Thanks for the reply. Grid Engine works roughly the same way wrt
parallel jobs, except that we call the tasks the master and the slaves.
Grid Engine does not have a pbsdsh equivalent, but it would be a really
trivial wrapper script to write for qrsh, which is pbsdsh minus the
automatic use of the nodes files (called the pe_hostfile in Grid Engine).
I assume from the 3-task minimum that the JobTracker gets a slot, the
NameNode gets a slot, and there has to be at least one slot running a
DataNode/TaskTracker. Correct? Should a single job be prevented from
running more than on hodring on a single host?
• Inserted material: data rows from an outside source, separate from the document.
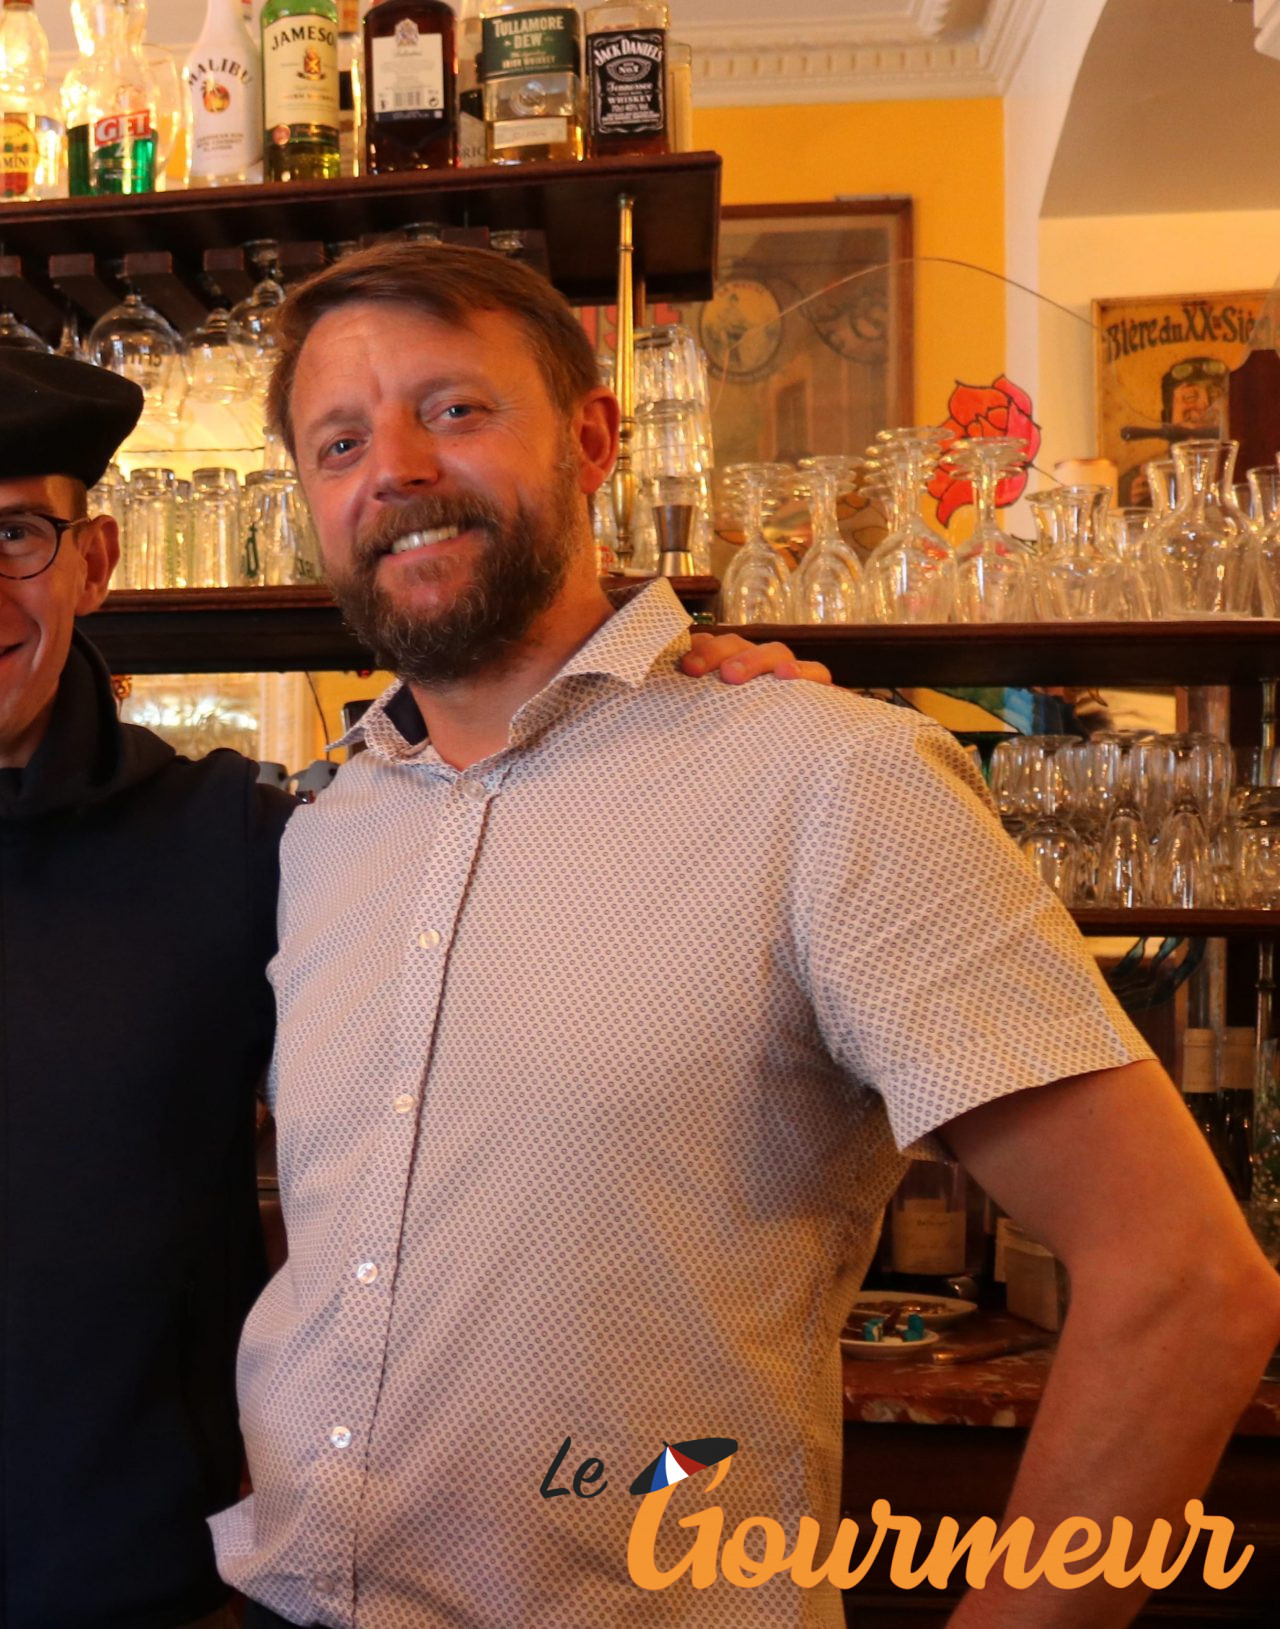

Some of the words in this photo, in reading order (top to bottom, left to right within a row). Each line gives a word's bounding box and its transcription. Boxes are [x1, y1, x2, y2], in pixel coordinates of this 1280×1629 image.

[272, 26, 335, 51] JAMESO
[492, 16, 566, 38] TULLAMORE
[513, 33, 543, 49] DEW
[593, 43, 622, 66] JACK
[96, 113, 148, 142] GET
[1102, 318, 1158, 364] Bière
[1159, 316, 1184, 345] du
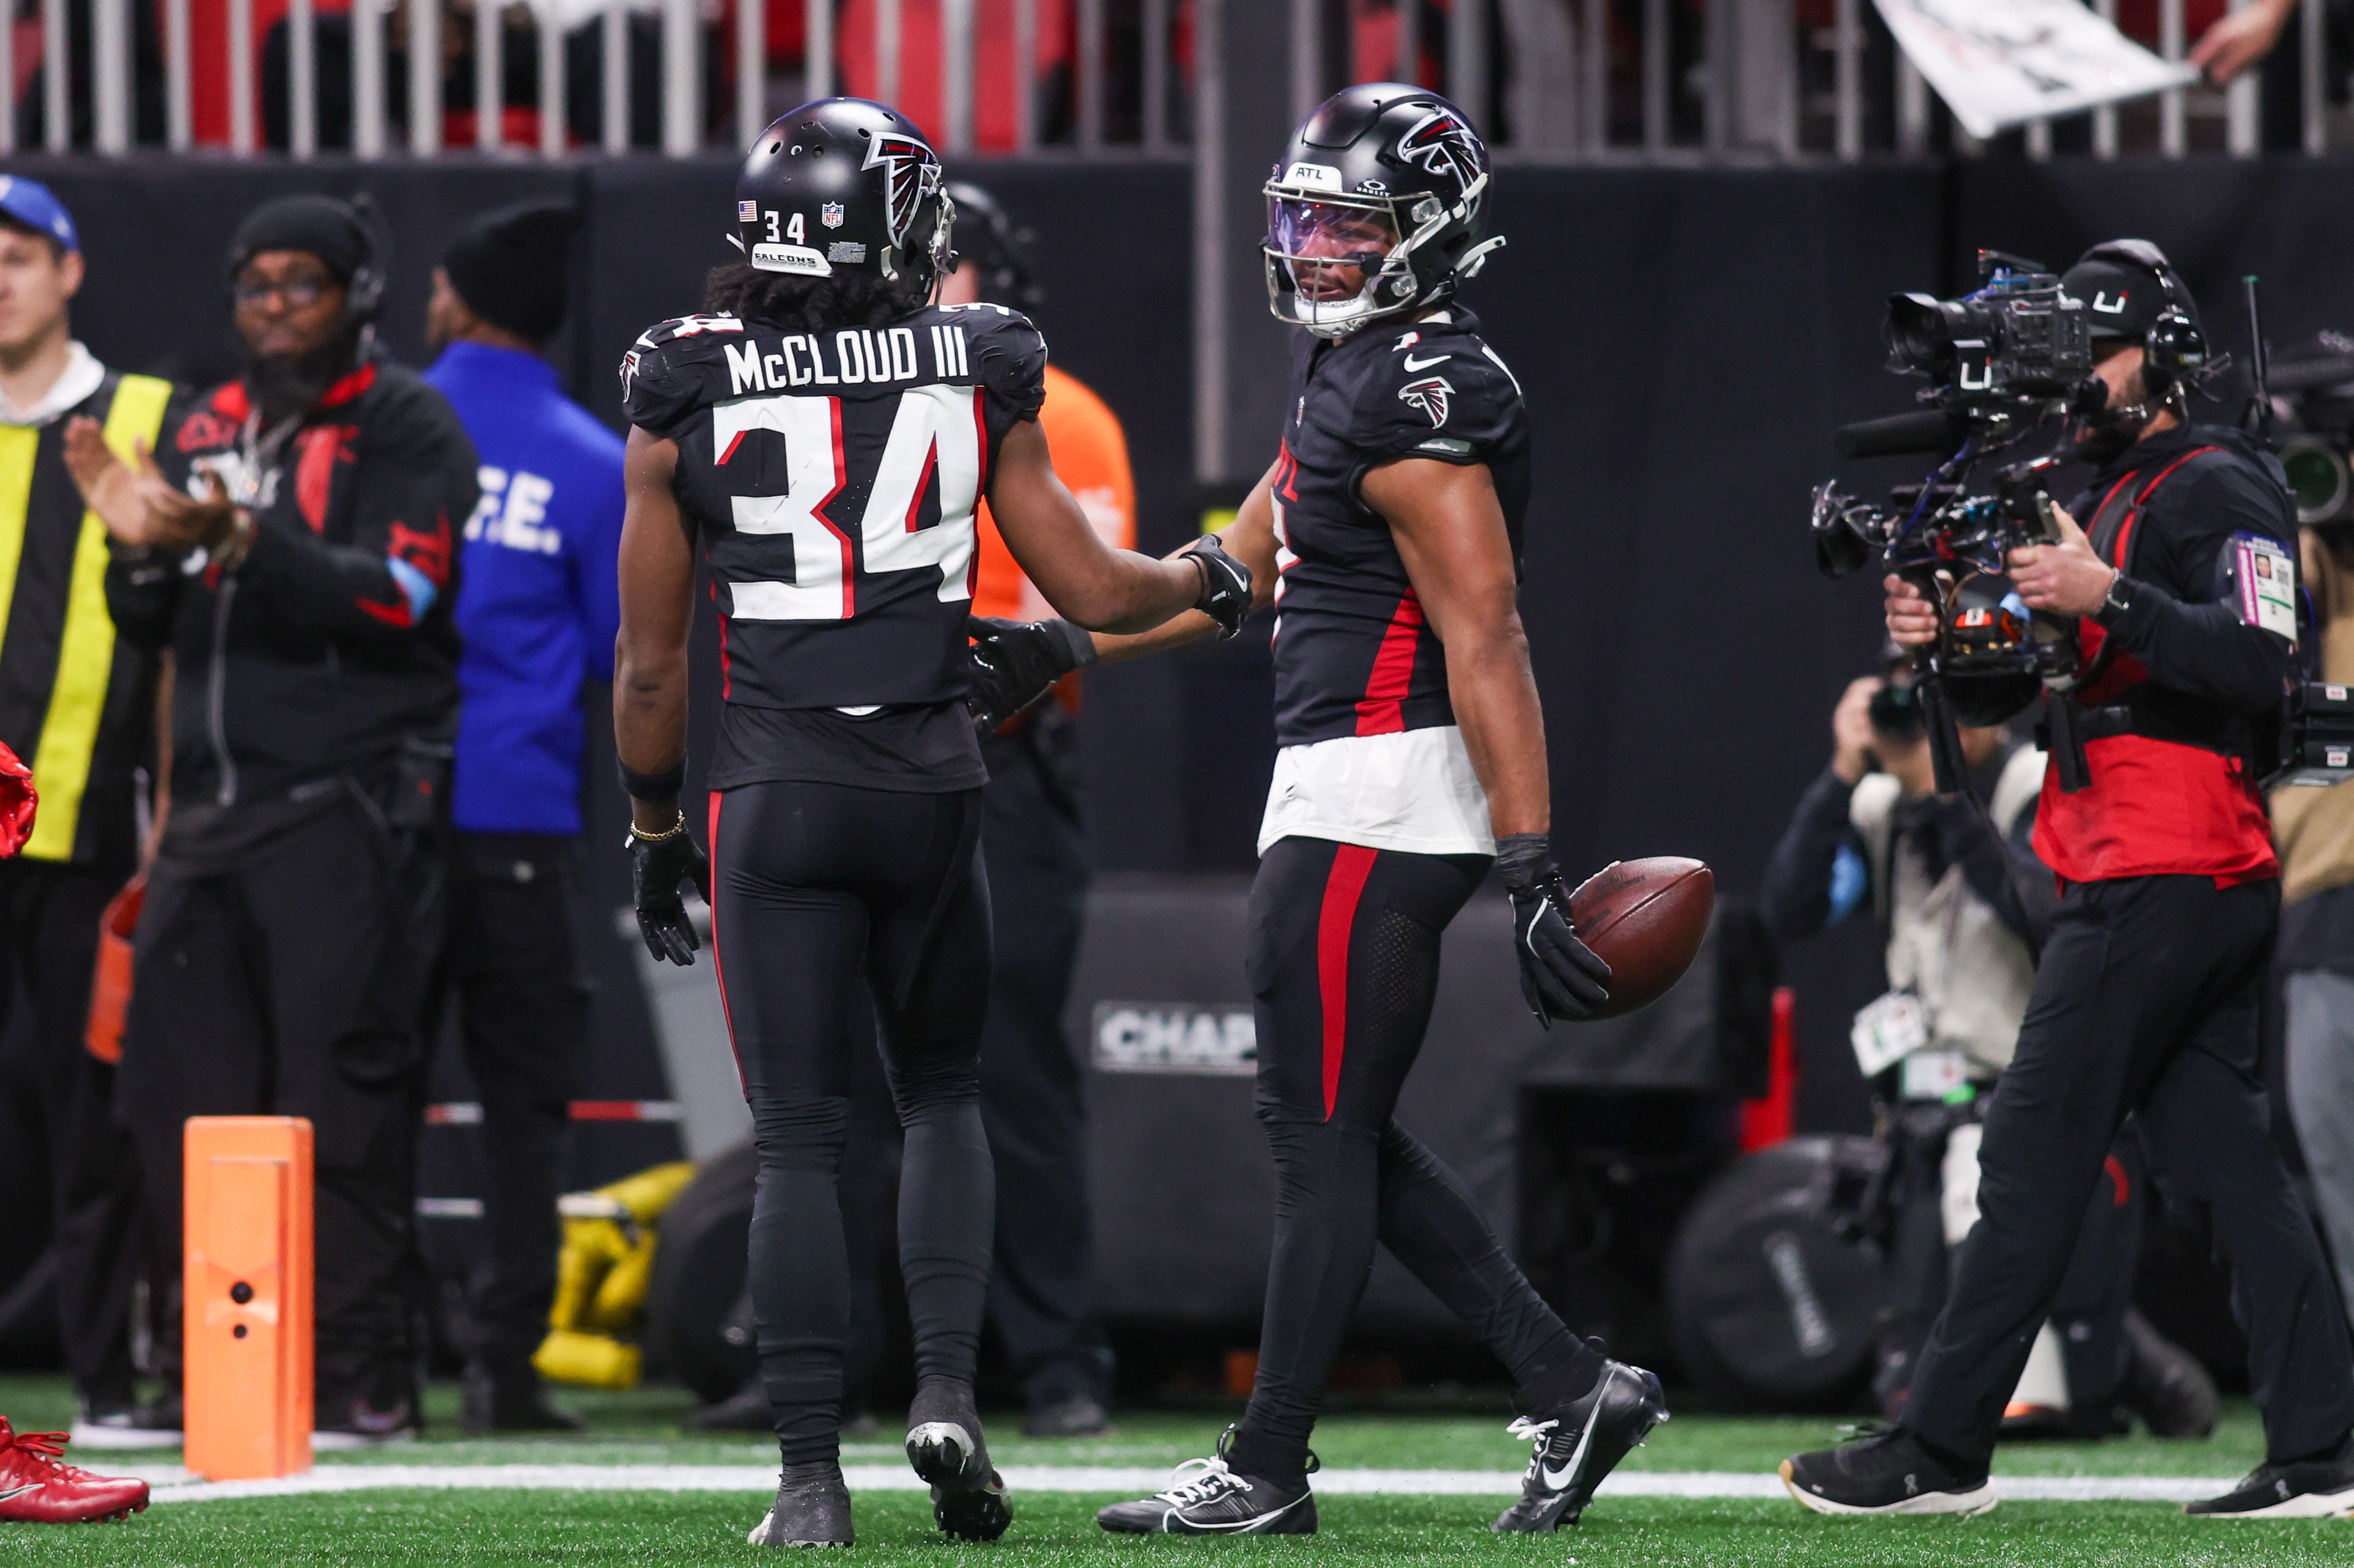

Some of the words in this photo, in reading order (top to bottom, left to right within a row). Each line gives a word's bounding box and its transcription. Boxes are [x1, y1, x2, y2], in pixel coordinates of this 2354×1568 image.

How do I go about contributing this Grid Engine extension to the HoD
source base?
Daniel
Hemanth Yamijala wrote:
Daniel Templeton wrote:
Hi,
I have a functioning module for Grid Engine for HoD, but some parts
of it are currently hard-coded to my workstation. In cleaning up
those elements, I need some advice. Hopefully this is the right forum.
So, in the hodlib/NodePools/torque.py file, there's a runWorkers()
method. In that method, it makes a single call to pbsdsh to start
the NameNode, DataNodes, JobTracker, and TaskTracker. I know nada
about Torque, so please tell me if I'm interpreting this correctly.
It would appear that the pbsdsh somehow reads out of the environment
how many hodring processes it should start up and executes them
remotely, and each hodring then figures out what service it should run.
Roughly right. In Torque, when a set of nodes are assigned to a job,
the first node in that list is special (it's called mother superior -
MS), the other nodes are called sisters. The job that's submitted to
torque is a HOD process called 'ringmaster'. The ringmaster starts on
the MS and invokes runWorkers which executes pbsdsh. AFAIK, pbsdsh
reads the environment and gets a 'nodes' file that Torque writes out.
This file contains all the sisters allocated for the job (including
the MS). It executes the command passed to pbsdsh - another HOD
process, called hodring - on all of these nodes. The Hodring processes
work with the ringmaster and decide which service to run. In a sense
the ringmaster coordinates which service to start where, and inform
the hodring to start that service.
In Grid Engine, the rough equivalent of pbsdsh is qrsh. (I think.)
With qrsh, the master assigns the HoD job a set of nodes, and I then
have to step through that set of nodes and qrsh to each one to start
the hodring services. As far as I can tell, the total number of
hodring services I need to start is 1 for the NameNode + 1 for the
JobTracker + n for the DataNodes + m for the TaskTrackers.
HOD has a facility to use a HDFS service that's started outside of
HOD. In that mode, it does not start NameNode or DataNodes. Also, the
number of DataNodes always equals the number of TaskTrackers (if HDFS
services are started with HOD).
The thing that I'm not grokking is how the hodrings know what
services to start, and how I should be parceling them out across the
nodes of the cluster.
This is decided by the ringmaster process. The logic is independent of
the resource manager in use, and hence need not be worried about when
porting to a new resource manager.
Should I be making sure I have two hodrings per node, one for the
DataNode and one of the TaskTracker?
No, a single hodring gets to start both the daemons.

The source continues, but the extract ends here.